改めて魔法を唱えて、さらに子供をよく見てみると……「ソーニャ、この子、魔法使いだ」
「え?」
「……おれ?」
ぽかんとするソーニャと首を傾げる子供に、僕は頷く。
「人間なのに、かなり高い魔力があるよ。君はいい魔法使いになれるんじゃないかな」
「なんだ、今が魔法使いなんじゃなくて、魔法の素養を持ってるってことなんですね。こんなに小さな子なのに、もう魔法使いなのかってびっくりしましたよ」
こんなに幼いのに魔法使いだったら、すごいですよねとソーニャはまた笑うが、子供はぽかんとしたままだ。
「魔法……?」
「なんで呪われてるって思ったの?」
「だって、火が……」
「火、ですか?」
「何にもないのに、あちこち火が付くんだ。おれの周りで。だから、気持ち悪い、呪われてるんだって……」
「……近くに魔法使いはいなかったんですね。魔法使いがいれば、すぐにあなたが魔法の素養を持つ子だってわかったはずなんですけど」
「ソーニャの言う通りだ。君の素養は結構強いみたいだね。だから、君の中の魔力が勝手に暴れて火が付いたんだよ。暴発しちゃう前にここへ来れて、良かったね」
子供の名前はギーナで歳はまだ10ということだった。他の種族に比べるとだいぶ早熟な人間であっても、10歳というのはまだまだ親元を離れて生きていくには難しい年齢なのだと、ソーニャは言った。

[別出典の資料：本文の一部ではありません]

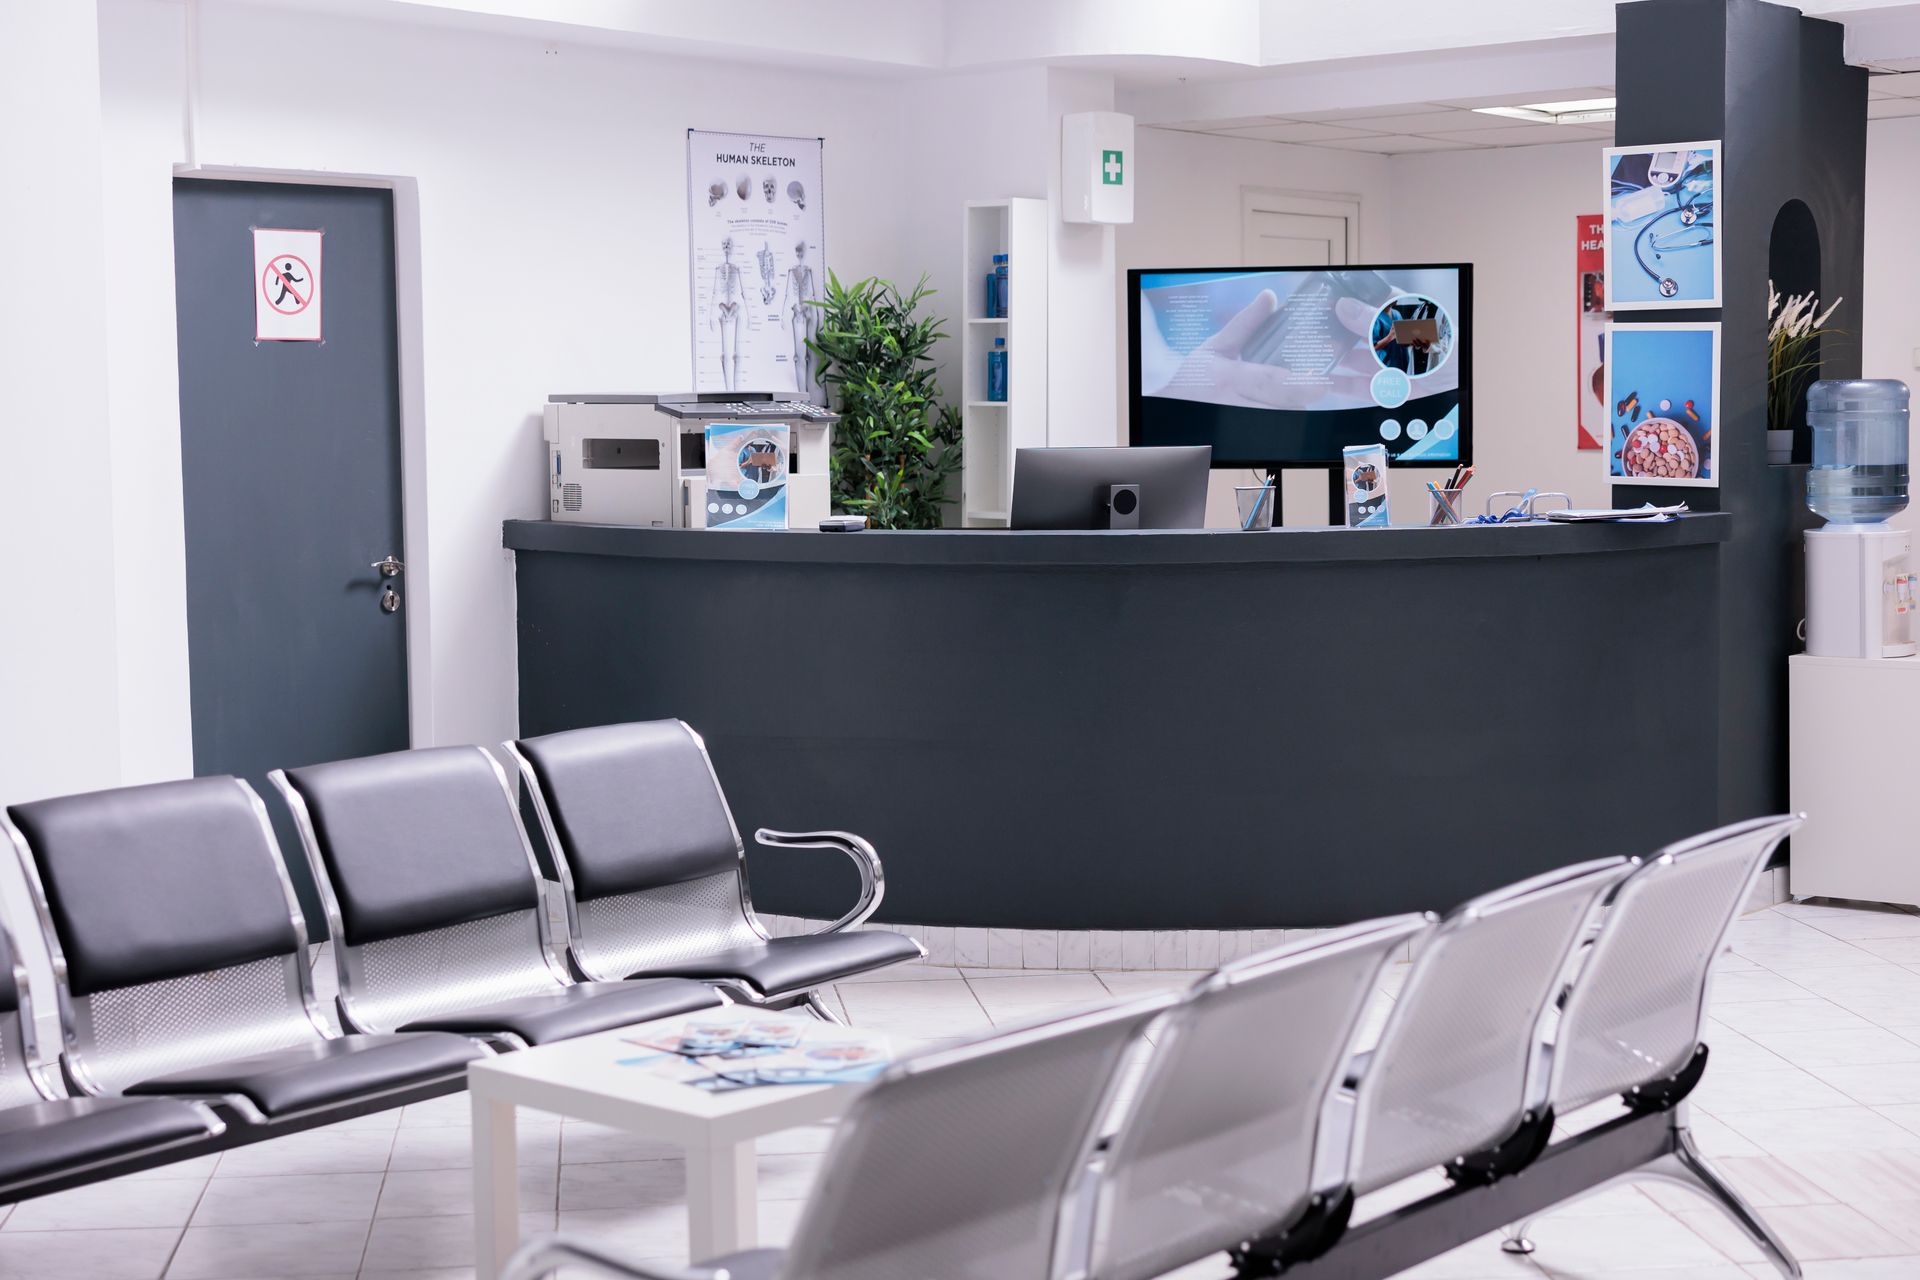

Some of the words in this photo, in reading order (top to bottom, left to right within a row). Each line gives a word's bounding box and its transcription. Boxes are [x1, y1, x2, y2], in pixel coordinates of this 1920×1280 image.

[749, 142, 766, 152] THE
[716, 154, 748, 165] HUMAN
[751, 155, 795, 167] SKELETON
[1589, 224, 1604, 234] TH
[1581, 240, 1604, 251] HEA

その歳の子供を森の深い場所に置き去りに……自分の手を汚したくなかったんだろうけど、だからといって捨てて無くそうとした事実は消えない。
「ウルス、この子をこのまま親のところに返しても、解決にならないと思うんですよ」
「僕もそうかなと思うけど、だから、ここで育てようって?」
「はい。私がお師匠様に拾われたのはもうちょっと小さい頃でしたけど……あの子はまだまだ大人が守らなきゃいけない歳です。ほっといたら、森の中で獣に襲われちゃうと思います」
少し上目遣いのソーニャが僕を伺うように見るのに気づいて、なんとなく笑ってしまう。これは、僕が反対してもなんとか口説き落とそうと考えてる時の顔だ。

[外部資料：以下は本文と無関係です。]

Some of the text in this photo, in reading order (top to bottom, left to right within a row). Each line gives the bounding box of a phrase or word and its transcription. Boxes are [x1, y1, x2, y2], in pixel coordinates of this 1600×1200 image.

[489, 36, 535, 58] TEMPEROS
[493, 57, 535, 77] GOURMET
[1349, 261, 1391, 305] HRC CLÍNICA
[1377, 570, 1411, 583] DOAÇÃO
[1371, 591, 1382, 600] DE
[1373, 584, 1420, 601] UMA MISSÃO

「僕はソーニャがいいなら、構わないよ。あの子が魔法の訓練をしなきゃいずれ暴発しちゃうのは間違いないし、子供を護って導くのは大人になった竜の義務でもあるからね」
「そうなんですか?」
ほっとしたように息を吐いて、ソーニャは「じゃあ、ギーナは今日からうちの子です」と笑った
「それじゃ、ウルスにひとつお願いがあります」
「なに?」
「あの子はどう考えてるかはわからないですけど、あの子の家族には、ちゃんと話をしたほうがいいんじゃないかなって思うんです」
「うん」
「だから、明日、あの子の親を訪ねてみたいので、ウルス、お願いします」
「……しょうがないね」
翌朝、ギーナにこれからは僕たちのところにいるのだと話をすると、彼は明らかにほっとしているようだった。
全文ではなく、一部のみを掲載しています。